When it comes to framing the war linguistically, metaphors have always been key for many politicians in conveying their message and distinguishing in a simplistic manner between good and evil. Employing metaphors in political discourse helps politicians simplify their content and make the audience understand their message more clearly, as Lakoff notes: “Abstractions and enormously complex situations are routinely understood via metaphor” (1991: 25). Lakoff further describes the use of metaphors as something not necessarily good or bad, but rather depicts it as a stylistic device that is widely common even in everyday language (1991: 25).

While metaphors in everyday language might often be used for mere stylistic purposes, in political rhetoric its use often follows further purposes. Certainly, rich metaphors in political speech, such as those President Barack Obama makes use of all the time, are beautiful to listen to. But besides the aspect of beauty, metaphors in political rhetoric often have a more distinct function in trying to help strengthen the message and thus convince the recipient. Over the last decades, the use of metaphor in specific has even more become a key component of political speech and was subject to numerous linguistic analyses. Halverson notes that “[s]ince September 11th, political discourse about terrorism has largely been a pastiche of metaphor” and specifically characterizes terrorism-related language as being “constructed of a system of metaphors” (2003: 1).

Therefore, it seems highly interesting to look even closer at how metaphors are being used in the context of war-related speech in the United States. The focus of this paper will be on metaphors used in the State of the Union Address, since I assume that the latter is perfectly suited for an exemplary analysis of how war-related metaphors are constructed and which specific purpose they serve.

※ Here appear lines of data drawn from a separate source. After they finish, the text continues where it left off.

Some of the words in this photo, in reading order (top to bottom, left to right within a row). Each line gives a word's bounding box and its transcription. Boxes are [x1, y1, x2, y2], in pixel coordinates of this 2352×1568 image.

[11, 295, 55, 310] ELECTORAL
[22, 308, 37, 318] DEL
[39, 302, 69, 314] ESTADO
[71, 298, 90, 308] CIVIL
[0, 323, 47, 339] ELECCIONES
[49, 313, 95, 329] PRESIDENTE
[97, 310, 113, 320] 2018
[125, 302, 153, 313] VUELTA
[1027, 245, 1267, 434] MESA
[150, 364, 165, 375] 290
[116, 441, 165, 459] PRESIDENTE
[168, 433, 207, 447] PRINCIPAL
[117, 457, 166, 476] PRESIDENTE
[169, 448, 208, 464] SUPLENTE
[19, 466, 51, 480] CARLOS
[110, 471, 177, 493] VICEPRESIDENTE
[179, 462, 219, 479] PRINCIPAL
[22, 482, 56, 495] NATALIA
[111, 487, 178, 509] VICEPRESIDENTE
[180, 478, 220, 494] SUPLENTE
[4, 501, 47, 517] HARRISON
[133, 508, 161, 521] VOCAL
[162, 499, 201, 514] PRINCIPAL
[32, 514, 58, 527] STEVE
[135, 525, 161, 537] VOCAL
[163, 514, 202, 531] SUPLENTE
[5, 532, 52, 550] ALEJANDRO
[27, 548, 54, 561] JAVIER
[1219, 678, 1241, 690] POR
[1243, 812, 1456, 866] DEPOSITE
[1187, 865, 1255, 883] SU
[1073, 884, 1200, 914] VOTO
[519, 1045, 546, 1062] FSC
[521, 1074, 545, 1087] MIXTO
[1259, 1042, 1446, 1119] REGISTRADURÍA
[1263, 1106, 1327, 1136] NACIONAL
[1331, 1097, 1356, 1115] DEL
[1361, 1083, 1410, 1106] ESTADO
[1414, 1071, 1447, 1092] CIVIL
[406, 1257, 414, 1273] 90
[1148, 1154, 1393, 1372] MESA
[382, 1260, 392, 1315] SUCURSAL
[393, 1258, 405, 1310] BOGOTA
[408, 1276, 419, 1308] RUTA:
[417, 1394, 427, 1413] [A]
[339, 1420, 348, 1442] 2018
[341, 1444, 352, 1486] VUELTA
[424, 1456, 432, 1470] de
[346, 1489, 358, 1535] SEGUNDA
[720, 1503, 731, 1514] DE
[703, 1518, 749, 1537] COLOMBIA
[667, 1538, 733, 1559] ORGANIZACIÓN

Originally, the State of the Union Address was constitutionally intended to inform the Congress “from time to time [...] on the State of the Union” (US Const. art. II, Sec. 3, cl. 1, as cited in Ritchie 2006: 117) and before the advent of Radio and TV this had been done only in written form (Shogan 2015: 2). Undoubtedly, its mere informative meaning has changed towards an event that is broadcasted nationwide on TV, Radio and through multiple channels online. President Obama’s 2015 address was covered by 70 broadcasters and drew an audience of 31.7 million viewers, still one of the lowest ratings in recent history (Harper 2015: n. pag.). Nevertheless, the State of the Union Address’ utmost importance for the President should be obvious by now. Therefore, I assume that its importance and wide media coverage that is perceived through all social classes and backgrounds results in a higher use of metaphors than in usual speeches. The necessity to create language that everyone understands seems to be a priority and therefore it might be probable that metaphors are being used more distinctly in order to convince a diverse and huge audience of the President’s perspective on complex issues of armed conflicts. It is therefore the aim of this paper to take a look at two State of the Union Addresses and exemplarily examine the use of metaphors relating to war or armed conflicts within those.

2. Research questions

In general, politicians usually lack a concrete description of who the specific enemy actually consists of. More often, rather abstract threats are being presented in order to leave out potentially risky concretizations and to simplify the message for a large audience and the mass media. What Halverson claims to be valid for defining terrorism, proves true for defining a concrete enemy as well: “Actually, it is a lot like metaphor - you know it when you see it, but it is hard to define” (4: 2003).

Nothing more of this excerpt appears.